Buckin’ Berry Pancakes
A delicious gluten, dairy and refined sugar-free alternative for Stampede Breakfast entertaining or everyday pancake lovers!
- Yield: 10 1x
Ingredients
For the Pancakes:
1 1/2 cups Buckwheat Flour
1/2 Cup All Purpose Gluten-free Flour
1 Tsp Aluminum-free Baking Powder
1 Tsp Organic Vanilla Extract
Pinch of Sea Salt
2 Free-range or Organic Eggs
1 Tbsp Grade B or C Organic Maple Syrup
1 Tbsp Cinnamon
1/2 Cup Extra Virgin Olive Oil
3/4 Cup Unsweetened Flax Milk
1/2 Cup Unsweetened Apple Sauce
1 Cup Blueberries washed
8 Medium Strawberries chopped into small pieces
For the Raspberry Syrup:
1 Pint Raspberries Washed
1 Tsp Organic Vanilla Extract
1/2 Cup Grade B or C Organic Maple Syrup
Instructions
For the Pancakes:
- Heat a frying pan to medium/high heat with a teaspoon of coconut oil.

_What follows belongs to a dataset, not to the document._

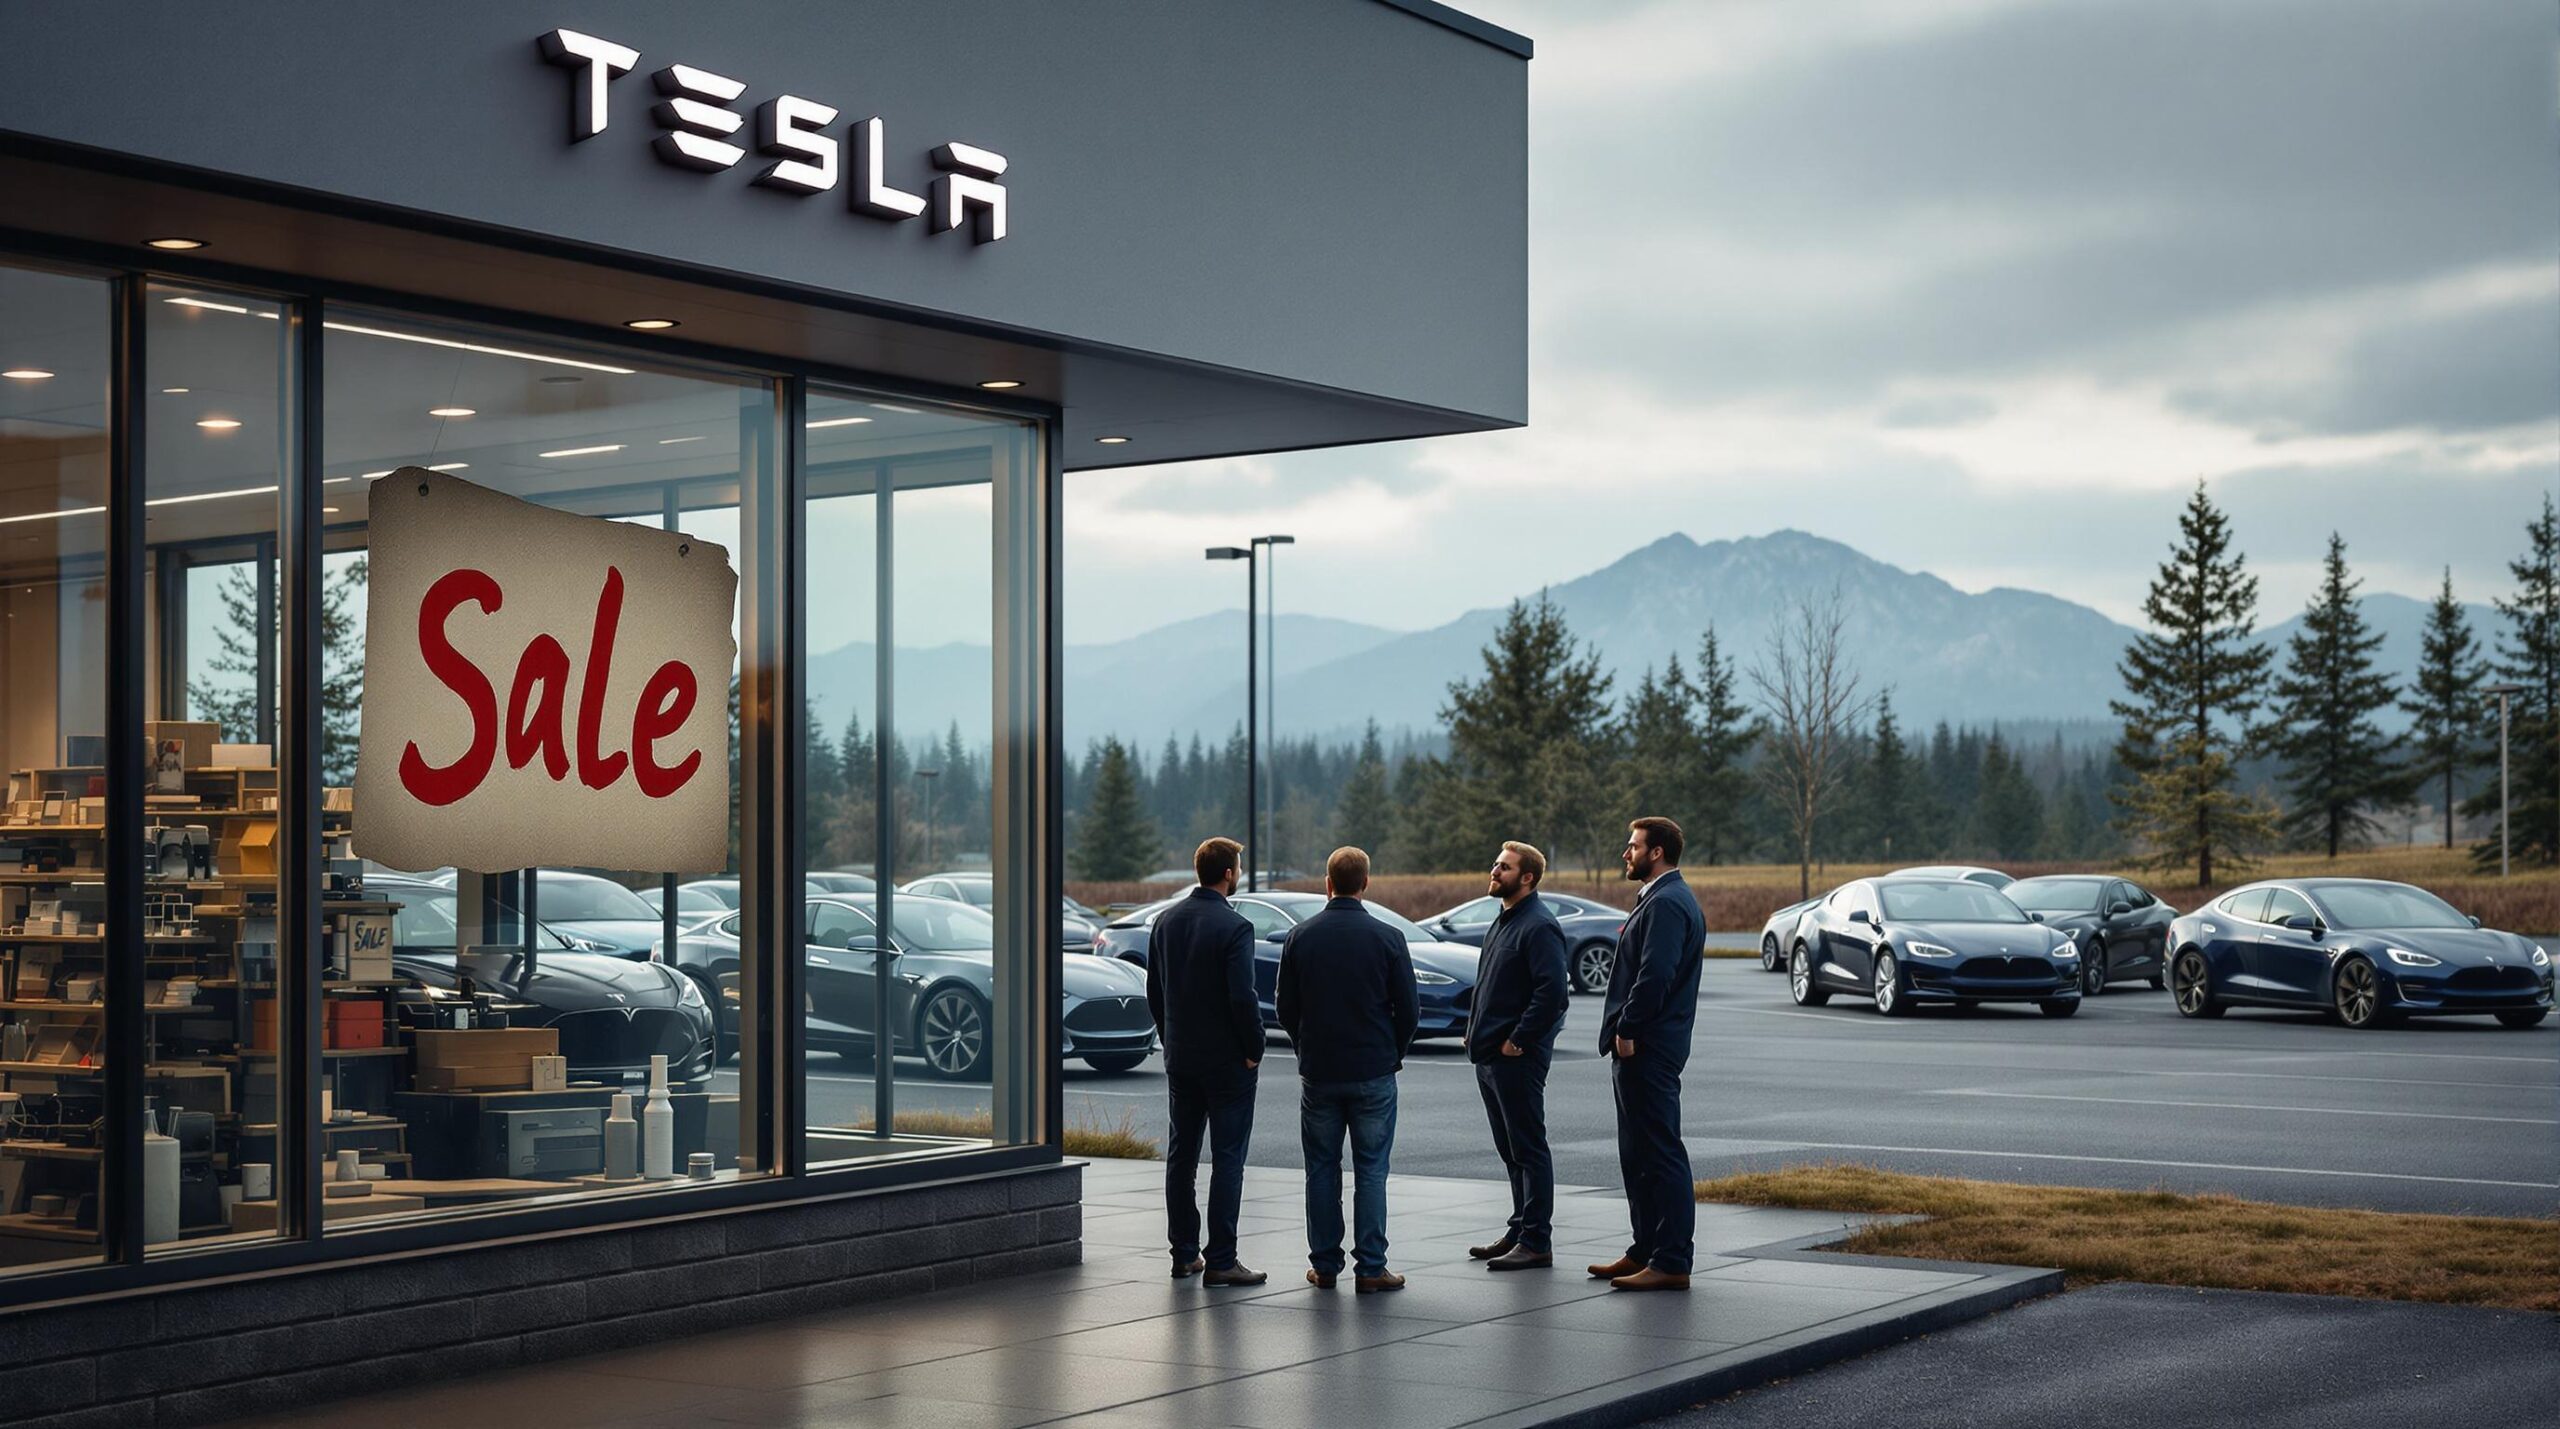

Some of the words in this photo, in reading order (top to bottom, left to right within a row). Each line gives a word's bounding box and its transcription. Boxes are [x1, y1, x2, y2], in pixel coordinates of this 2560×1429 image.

[538, 28, 1009, 243] TESLA
[399, 566, 701, 806] Sale
[354, 921, 388, 951] SALE

- Combine flours, baking powder, sea salt and cinnamon into a bowl and mix well.
- Add milk, apple sauce, eggs, olive oil, maple syrup and vanilla and whisk.

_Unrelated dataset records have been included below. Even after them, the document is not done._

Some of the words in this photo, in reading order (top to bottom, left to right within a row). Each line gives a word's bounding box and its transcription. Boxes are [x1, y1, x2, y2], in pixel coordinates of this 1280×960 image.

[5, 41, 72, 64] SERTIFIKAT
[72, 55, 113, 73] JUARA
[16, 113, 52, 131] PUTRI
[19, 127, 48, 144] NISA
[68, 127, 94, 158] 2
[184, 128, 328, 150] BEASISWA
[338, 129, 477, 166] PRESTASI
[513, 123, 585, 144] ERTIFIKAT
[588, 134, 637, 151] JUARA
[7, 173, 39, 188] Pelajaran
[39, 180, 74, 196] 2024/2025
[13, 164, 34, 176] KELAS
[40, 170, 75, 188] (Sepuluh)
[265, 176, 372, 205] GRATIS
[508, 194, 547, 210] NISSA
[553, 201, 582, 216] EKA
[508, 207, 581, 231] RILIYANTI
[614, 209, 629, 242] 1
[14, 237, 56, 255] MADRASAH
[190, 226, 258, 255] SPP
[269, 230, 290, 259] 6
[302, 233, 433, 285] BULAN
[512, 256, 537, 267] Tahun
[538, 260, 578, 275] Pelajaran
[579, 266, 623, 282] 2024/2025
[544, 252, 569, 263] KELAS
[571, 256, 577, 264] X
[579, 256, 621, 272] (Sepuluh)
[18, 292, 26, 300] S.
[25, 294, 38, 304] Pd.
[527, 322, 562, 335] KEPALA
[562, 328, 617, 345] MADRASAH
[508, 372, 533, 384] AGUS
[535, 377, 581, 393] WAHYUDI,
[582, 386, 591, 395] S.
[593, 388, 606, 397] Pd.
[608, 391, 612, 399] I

- Add strawberries and blueberries to pancake mixture.
- Spoon batter into medium size pancakes.
- Flip once cakes bubble and are golden brown on the bottom.
For the Raspberry Syrup:
- Combine raspberries, maple syrup and vanilla in a high speed blender.
- Serve with additional berries, sliced banana and drizzle with raspberry maple syrup over the pancakes. Enjoy!